What Is a Blocked Currency?
The term blocked currency refers to a currency that can’t be converted freely on the foreign exchange or forex (FX) market because of exchange controls. A blocked currency is effectively a non-convertible or inconvertible currency. The currency is generally blocked because of government restrictions, including foreign exchange regulations, physical barriers, political sanctions, or extremely high volatility. As such, a blocked currency is mainly used for domestic transactions and does not freely trade on a forex market.
- A blocked currency can't be traded or converted in foreign exchange markets.
- Blocked currencies are also called non-convertible or inconvertible currencies.
- Exchanges may block or restrict the trade or convertibility of a particular currency, including their own.
- Some countries may preclude listing a currency pair entirely due to geopolitical purposes, physical barriers, or extreme asset volatility.
- Non-deliverable forward contracts can be used to gain access to these currency pairs.
Understanding Blocked Currencies
As noted above, blocked currencies are restricted from trading on the foreign exchange market. This means they can't be traded or converted to others. Blocked and strictly regulated currencies were fairly common in the past. But the need for freely tradable currencies became essential as global trade and international finance began to grow. Most world currencies now trade through the foreign exchange market, which exists specifically for trading and exchanging world currencies.
There are several different reasons why currencies may be blocked. A currency exchange may designate a currency as being blocked on its conversion list, or it may have limitations on the conversion quantities. For example, a nonconvertible currency may be able to be converted into only some currencies, or only in limited amounts.
A nation may block its currency to influence the domestic market or economy and control volatility. It may even take this action to monitor and influence the behavior of its citizens. So a nation with high inflation rates might limit certain currencies to try to control inflation or to prevent bad financial investments. A country would try to control and keep its currency more stable by restricting its exchange.
In other cases, a communist country may block its currency to control its citizens and how they can make purchases. The government may want to prevent individuals from capital influences and block currencies from countries it deems undesirable. China has frequently used blocked money in its financial practices.
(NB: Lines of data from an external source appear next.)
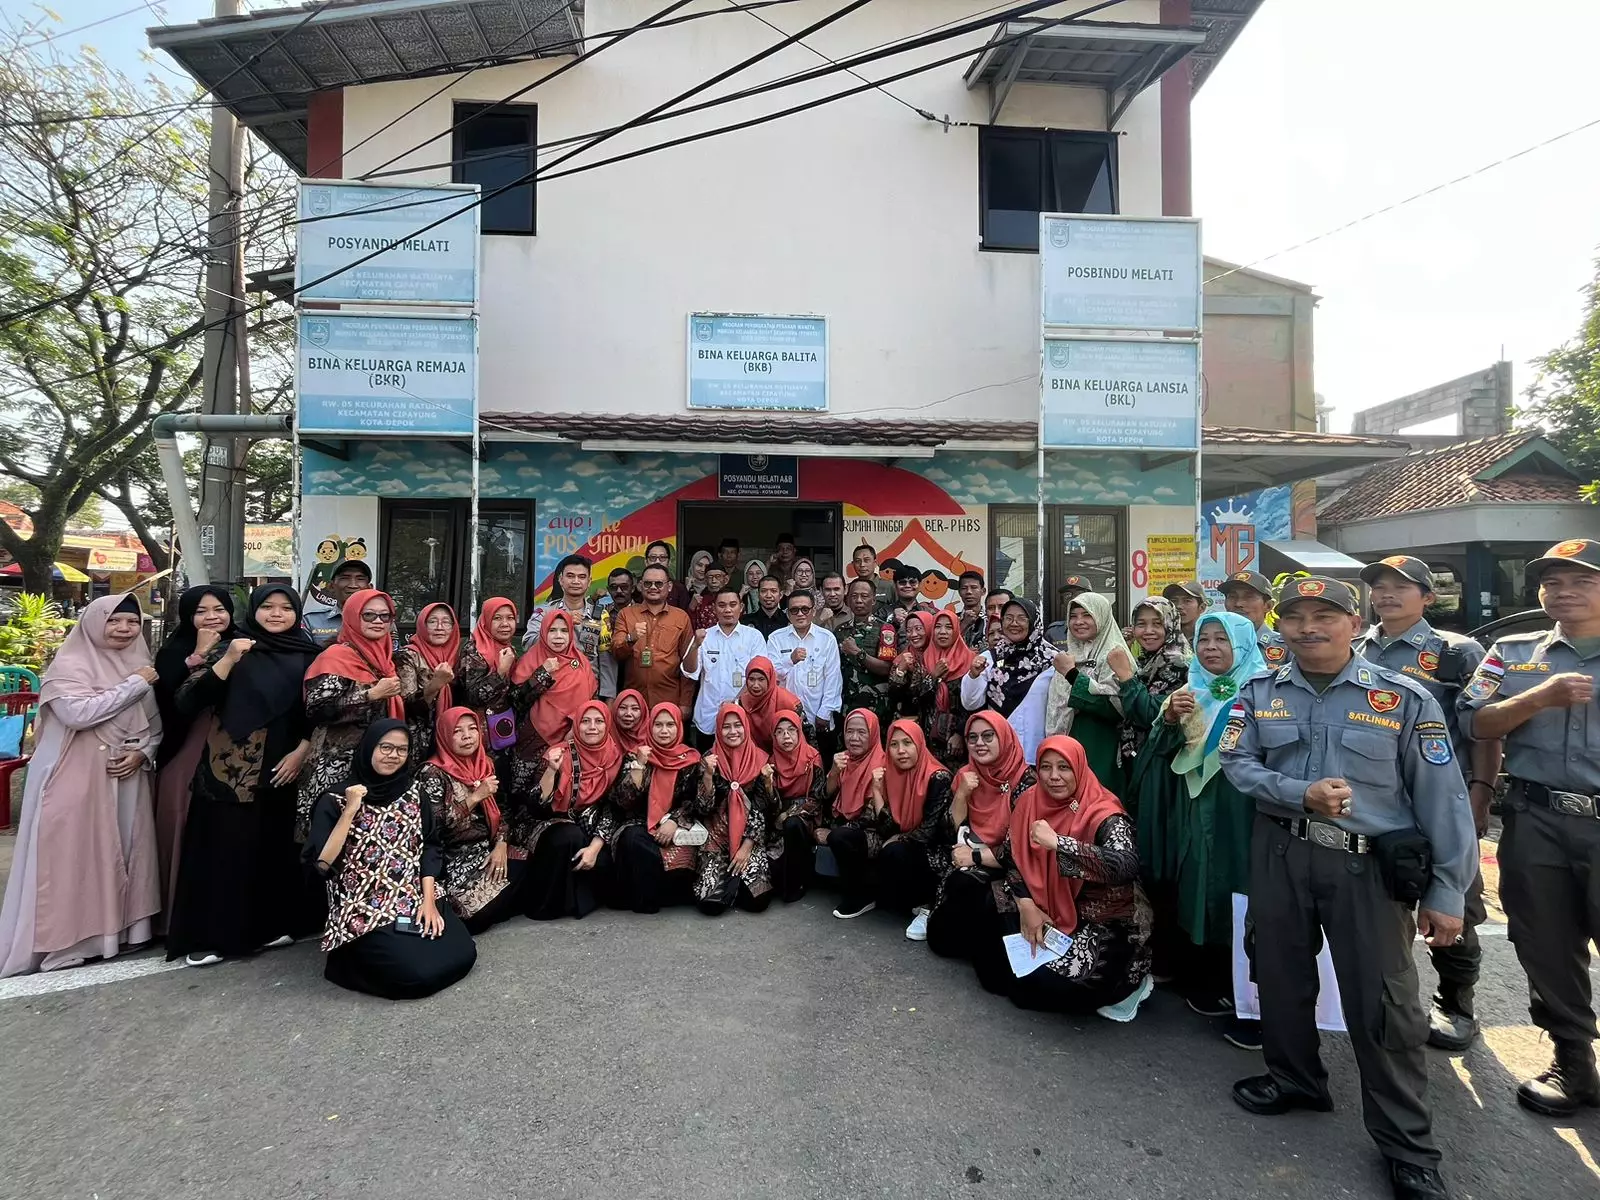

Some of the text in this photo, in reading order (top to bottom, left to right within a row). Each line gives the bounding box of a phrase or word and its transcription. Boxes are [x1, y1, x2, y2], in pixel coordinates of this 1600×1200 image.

[328, 237, 450, 252] POSYANDU MELATI
[1068, 267, 1174, 281] POSBINDU MELATI
[698, 350, 817, 362] BINA KELUARGA BALITA
[308, 358, 466, 373] BINA KELUARGA REMAJA
[743, 362, 772, 374] (BKB)
[369, 374, 406, 389] (BKR)
[1052, 379, 1188, 394] BINA KELUARGA LANSIA
[355, 401, 407, 409] KELURAHAN
[1105, 394, 1136, 408] (BKL)
[392, 411, 437, 419] CIPAYUNG
[360, 418, 415, 427] KOTA DEPOK
[723, 475, 793, 483] POSYANDU MELATI A&B
[843, 519, 872, 532] RUMAH
[874, 519, 904, 533] TANGGA
[243, 542, 262, 551] SOLO
[544, 534, 578, 555] POS
[1210, 523, 1256, 577] MG
[1132, 550, 1148, 588] 8
[1348, 711, 1401, 730] SATLINMAS
Depending on how large of a player the country blocking currency is on the global market, a blocked currency can have a widespread economic impact.
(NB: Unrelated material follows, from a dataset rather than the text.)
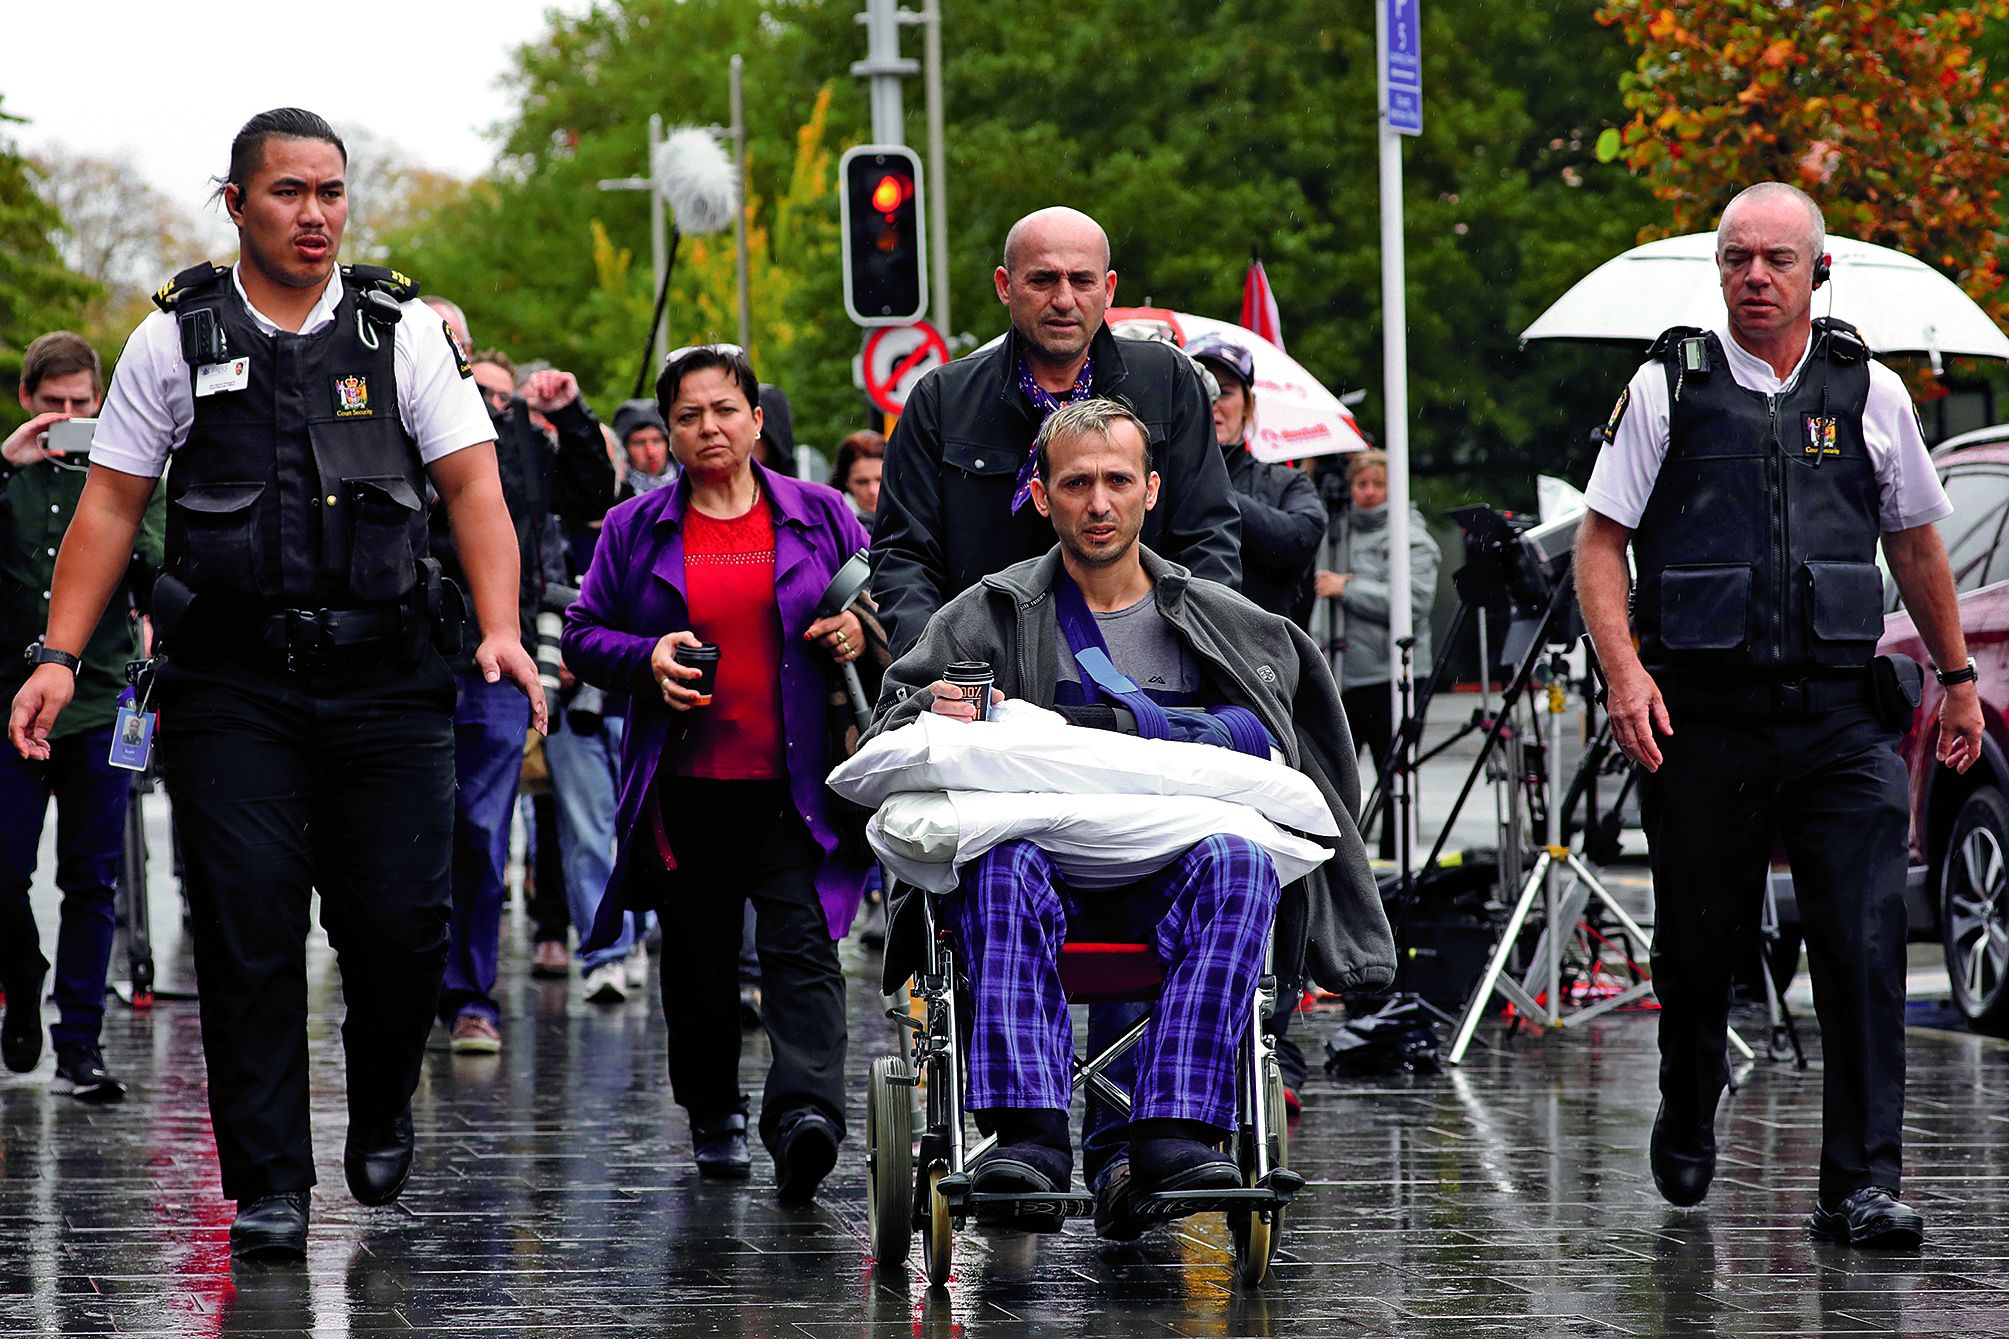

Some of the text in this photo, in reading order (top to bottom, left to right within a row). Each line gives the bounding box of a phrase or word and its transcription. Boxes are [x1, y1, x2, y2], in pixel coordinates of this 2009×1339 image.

[336, 409, 352, 417] Court
[1822, 447, 1841, 455] ecurity
[961, 686, 982, 698] 00%
A country's central bank or government can make transactions such as buying dollars or selling euros and use these transactions to pay for imported goods or to fund projects through foreign exchange.
Having a blocked currency isn't necessarily a bad thing. And it doesn't necessarily mean that it is useless. It just means that money cannot be converted or traded on the foreign exchange market. In fact, some countries only allow limited amounts of their currency for trading.
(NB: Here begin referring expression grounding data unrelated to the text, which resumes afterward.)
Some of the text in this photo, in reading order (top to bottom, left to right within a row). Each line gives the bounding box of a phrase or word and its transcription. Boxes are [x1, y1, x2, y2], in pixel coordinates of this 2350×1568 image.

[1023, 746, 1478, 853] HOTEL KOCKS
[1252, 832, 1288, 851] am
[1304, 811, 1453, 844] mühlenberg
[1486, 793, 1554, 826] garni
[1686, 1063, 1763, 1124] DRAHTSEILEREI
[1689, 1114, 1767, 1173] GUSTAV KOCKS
Once blocked, it is challenging, if not impossible, to convert the currency into a freely traded one, such as the U.S. dollar. However, that does not mean it won’t happen. Blocked currencies may still swap, but only on the black market. Here, demand and availability drive the rate of exchange.
Blocked Currencies and Non-Deliverable Forward Contracts (NDFs)
Traders and investors can't trade blocked currencies because they aren't available on the forex market. Some traders end up looking for illegal ways to convert these currencies. But there are ways to exchange currencies that don't trade internationally or whose trade is severely limited or legally restricted in the domestic market legitimately.
Non-deliverable forward contracts (NDFs) are commonly used to conduct these types of trades.. NDFs are cash-settled and usually short-term forward currency contracts. They can give a trader indirect exposure to the Chinese renminbi, Indian rupee, South Korean won, new Taiwan dollar, Brazilian real, and other inconvertible currencies.
Example of Blocked Currency
Many South American countries operate a nonconvertible currency because of historic excess economic volatility. The Brazilian real, Argentinian peso, and Chilean peso are three examples. All three of these currencies have a black market currency, which is where the local currency is traded and exchanged for goods and services. Offshore investors who want to trade with these nations conduct their business using NDFs.